Transcript of EXPR-2-AC-33-E

Page 1: EXPR-2-AC-33-E

VII INGEPET 2011 (EXPR-2-AC-33E)

RISK REDUCTION IN THE DETERMINATION OF FRACTURE’S DENSITY AND ORIENTATION THROUGH AZIMUTHAL PROCESSING AND INTERPRETATION OF

SEISMIC DATA

Alvaro Chaveste (Geokinetics, Inc.)

Abstract The determination of fracture density and orientation is important in plays in which reservoir permeability is associated with micro-fractures. In these reservoirs, effective porosity is dependent upon the density of open fractures and permeability has a directivity component associated to the fractures’ orientation. Accurate determination of fracture density and orientation using surface seismic helps, then, in determining locations of good reservoir storability, as well as directional drilling orientation for optimum permeability. The anisotropy of P- and S-wave velocities is commonly associated to magnitude and orientation of stress fields or open fractures and is; hence, the medium through which factures are characterized using surface seismic data.

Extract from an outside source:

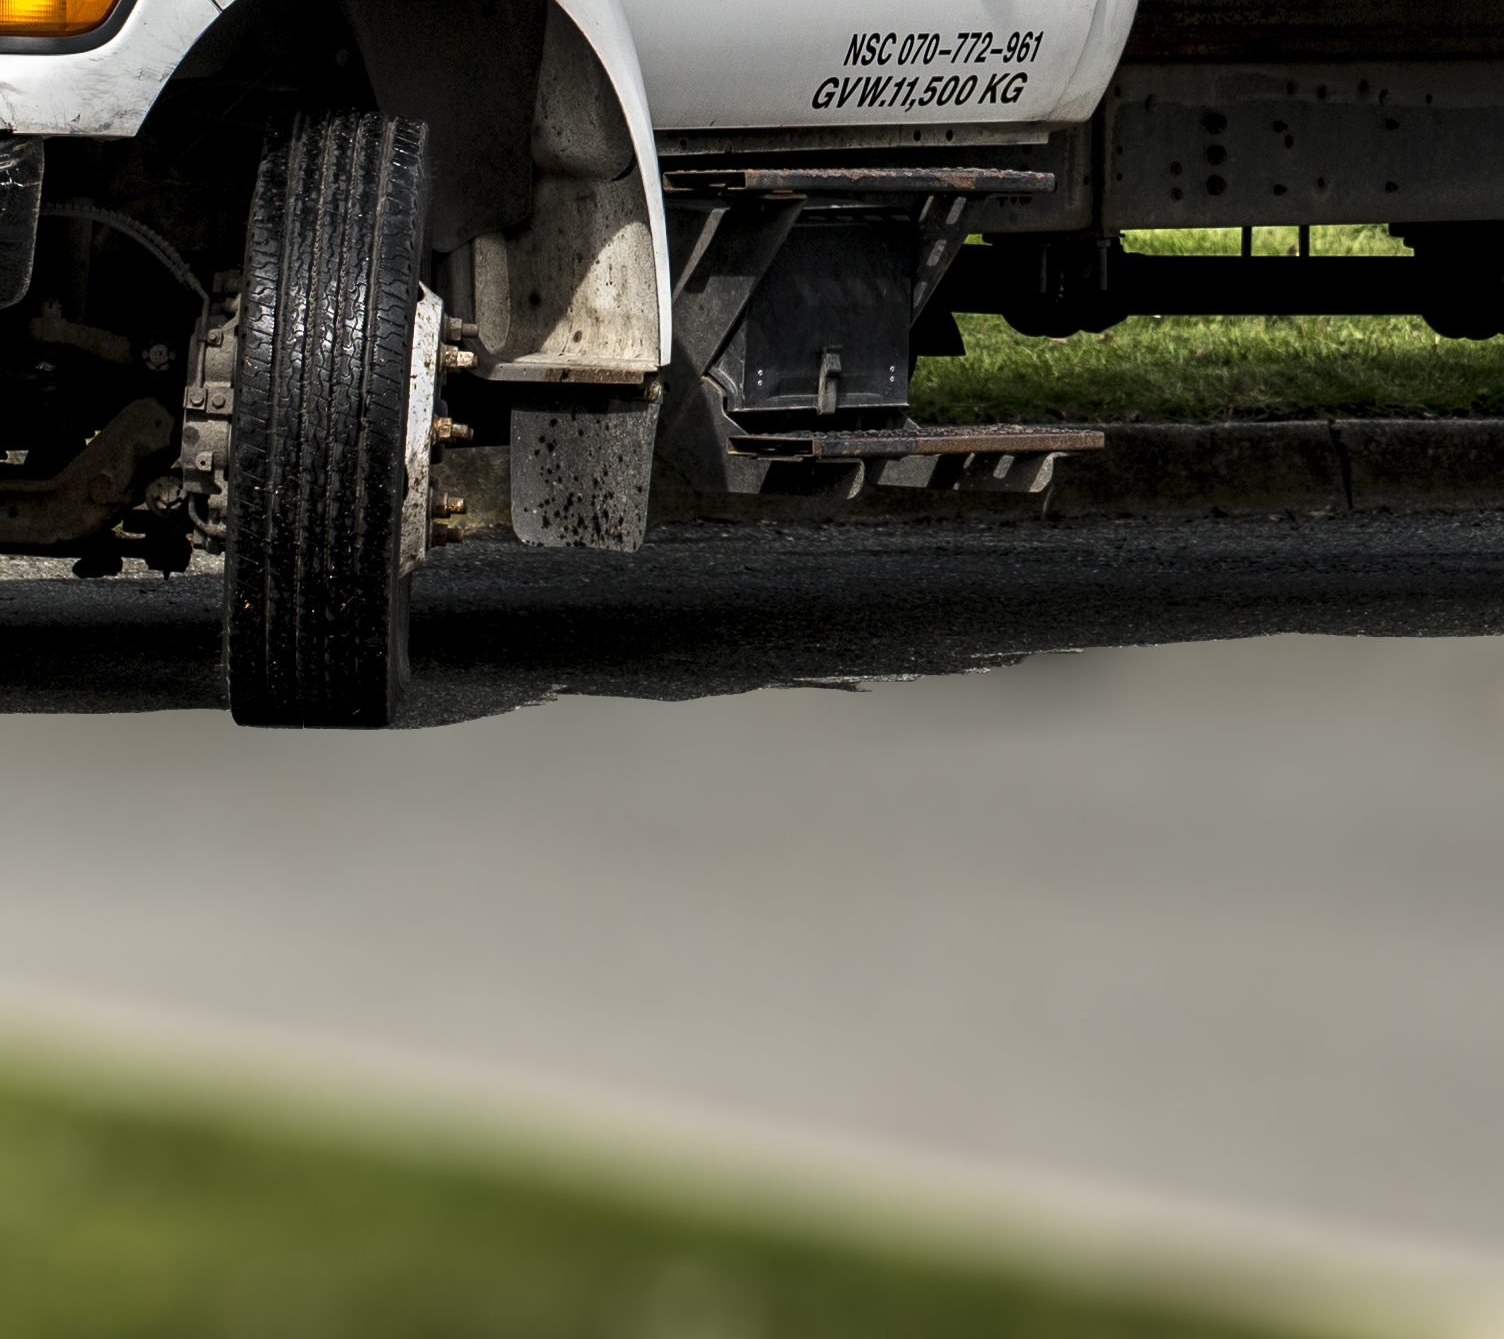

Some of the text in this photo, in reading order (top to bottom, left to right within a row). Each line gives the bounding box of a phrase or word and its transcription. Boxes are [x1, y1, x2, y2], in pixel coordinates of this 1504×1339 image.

[843, 31, 1044, 66] NSC 070-772-961
[978, 72, 1028, 105] KG

A case study in the Marcellus Shale (NE United States) is presented in which wide azimuth seismic data, acquired and processed to preserve the amplitude and velocity information of the source-receiver azimuth, is used to estimate anisotropy attributes. The Marcellus Shale is known to have two sets of micro-fractures associated to different tectonic events. Particular to this play is that one set of micro-fractures is perpendicular to the co-located macro-fractures. In this case although curvature, or other geometric attributes, reveal the strike of macro-fractures, this does not correspond to that of the micro-fractures. Anisotropy analysis through elliptical inversion identifies both sets of micro-fractures and verifies their expected position in relationship to the oroclinal belt and macro-fractures.

Introduction

Conventionally processed seismic data provides a structural image of the sub-surface which helps, among other things, in defining macro-fractures or faults; nevertheless, the micro-fractures that define permeability and porosity within a formation, although possibly associated to macro-fractures, are not necessarily part of the structural picture and, hence, are not commonly observed in migrated stacks. Micro-cracks can be characterized by considering that velocities in cracked media vary as a function of micro-fractures’ orientation and density; the velocity being faster in the fractures direction or maximum horizontal stress and slowest in a directional perpendicular to fractures. Velocity anisotropy provides, then, the means of estimating reservoir properties from seismically derived velocities.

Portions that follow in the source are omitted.